[Recorded data]
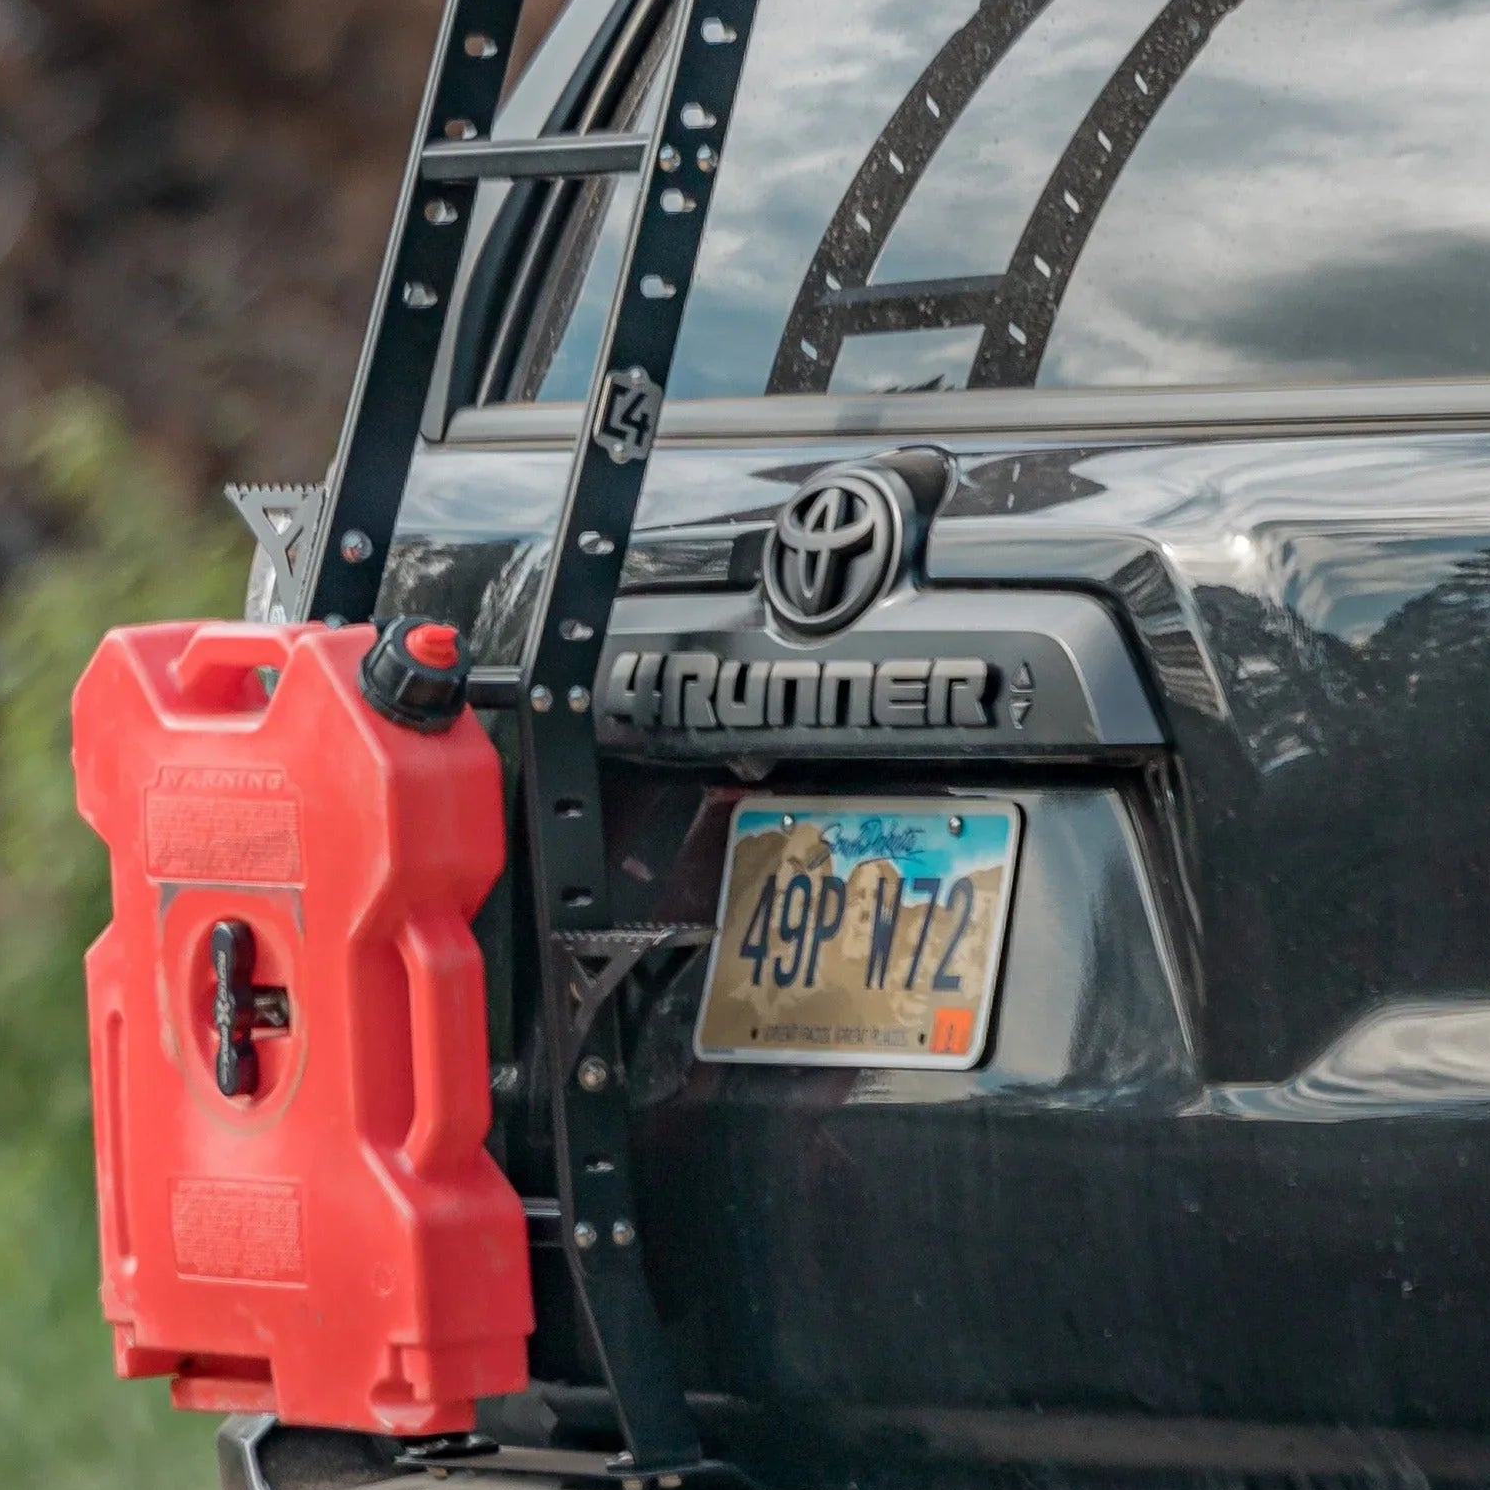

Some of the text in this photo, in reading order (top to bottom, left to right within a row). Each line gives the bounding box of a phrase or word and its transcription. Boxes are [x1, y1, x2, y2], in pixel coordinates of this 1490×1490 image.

[609, 651, 989, 728] 4RUNNER
[740, 874, 974, 992] 49P W72
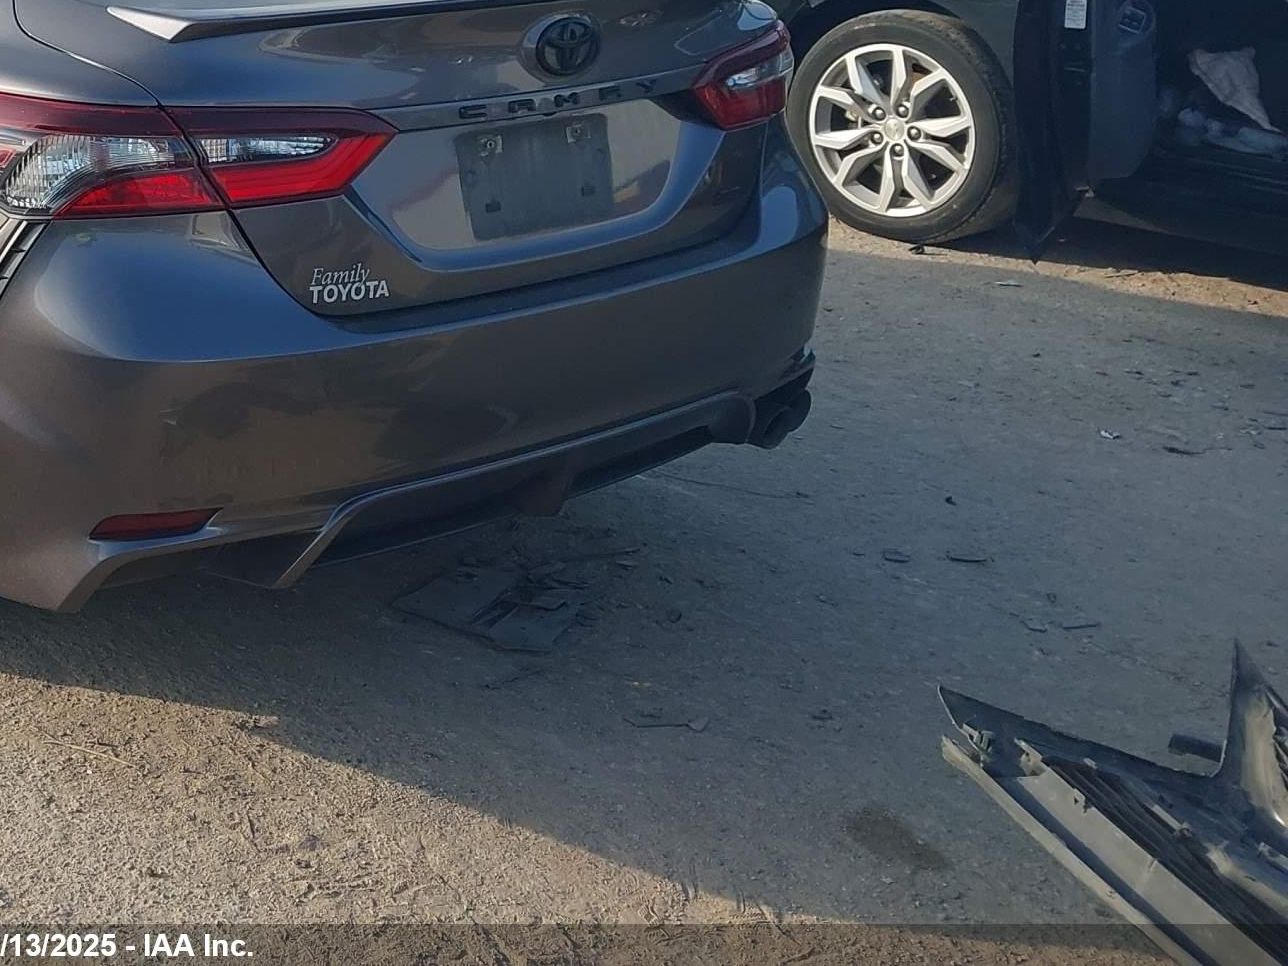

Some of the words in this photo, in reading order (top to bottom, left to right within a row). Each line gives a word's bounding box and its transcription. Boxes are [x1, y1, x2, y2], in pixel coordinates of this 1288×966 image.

[458, 79, 658, 120] CAMRY
[310, 262, 370, 286] Family
[309, 280, 390, 304] TOYOTA
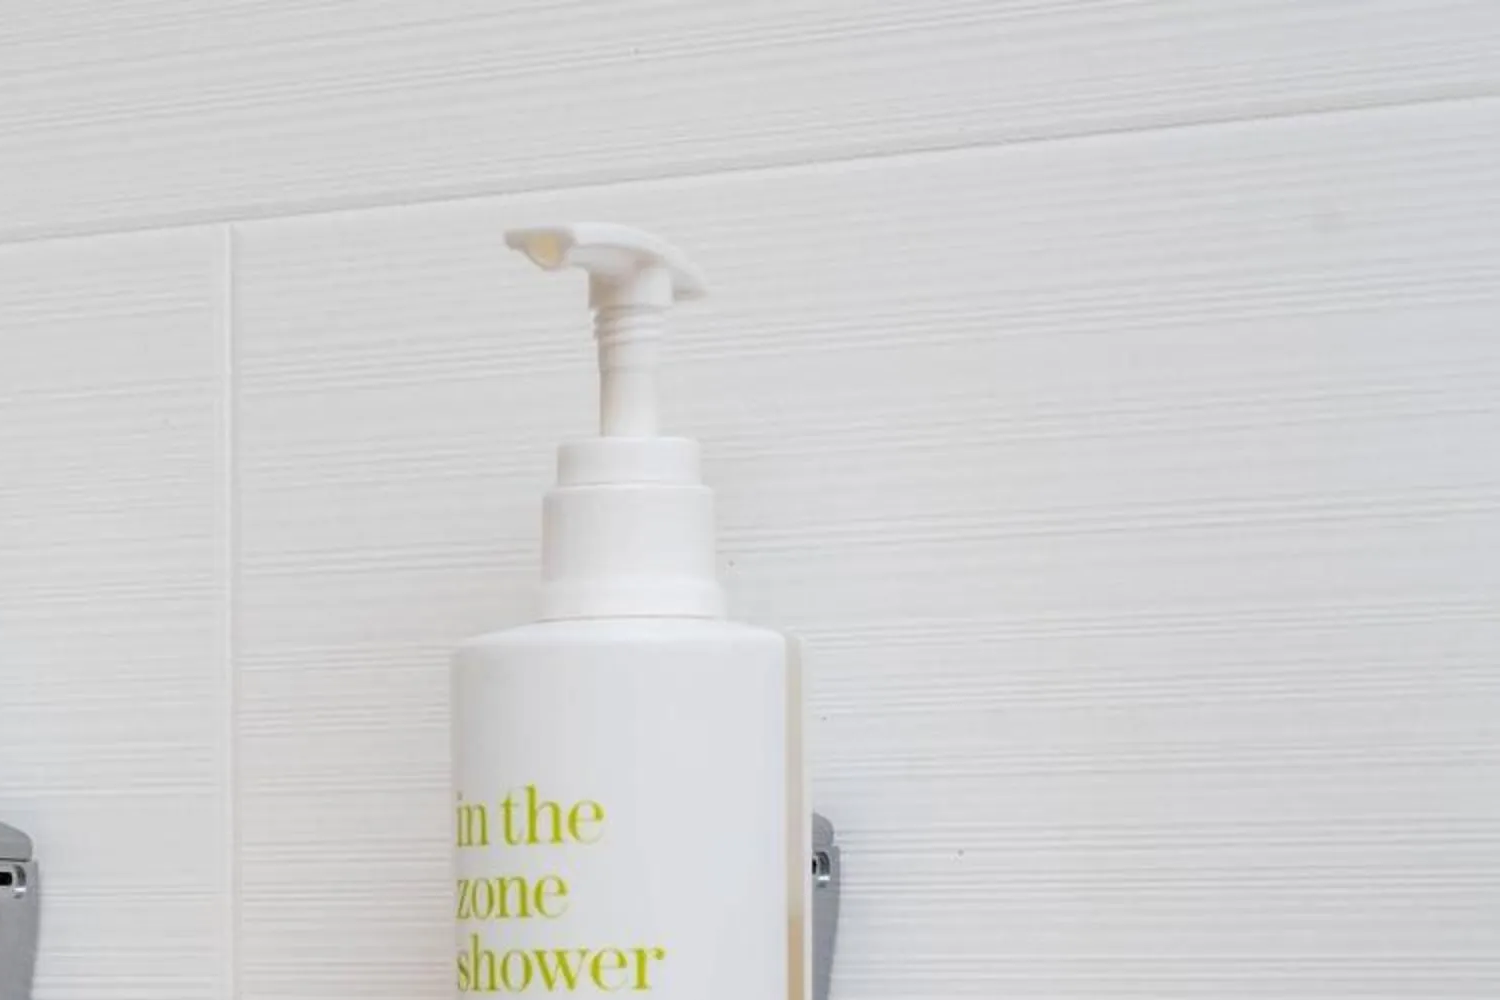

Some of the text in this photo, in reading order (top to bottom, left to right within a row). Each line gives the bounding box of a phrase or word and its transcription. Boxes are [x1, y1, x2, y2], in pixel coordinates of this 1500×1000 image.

[457, 784, 604, 847] in the
[457, 874, 569, 919] zone
[457, 933, 666, 992] shower

**Problem to solve**
Copy out every entry exactly as written, but not the pictures.

**Response**
Some of the text in this photo, in reading order (top to bottom, left to right within a row). Each line gives the bounding box of a phrase or word and its transcription. Boxes are [x1, y1, x2, y2], in pixel coordinates of this 1490×1490 image.

[609, 651, 989, 728] 4RUNNER
[740, 874, 974, 992] 49P W72

Some of the words in this photo, in reading order (top to bottom, left to right within a row). Each line gives a word's bounding box and its transcription. Boxes are [x1, y1, x2, y2], in pixel coordinates of this 1288×966 image.

[458, 79, 658, 120] CAMRY
[310, 262, 370, 286] Family
[309, 280, 390, 304] TOYOTA

Some of the text in this photo, in reading order (top to bottom, left to right within a row). Each line gives the bounding box of a phrase or word and its transcription. Boxes are [x1, y1, x2, y2], in pixel coordinates of this 1500×1000 image.

[457, 784, 604, 847] in the
[457, 874, 569, 919] zone
[457, 933, 666, 992] shower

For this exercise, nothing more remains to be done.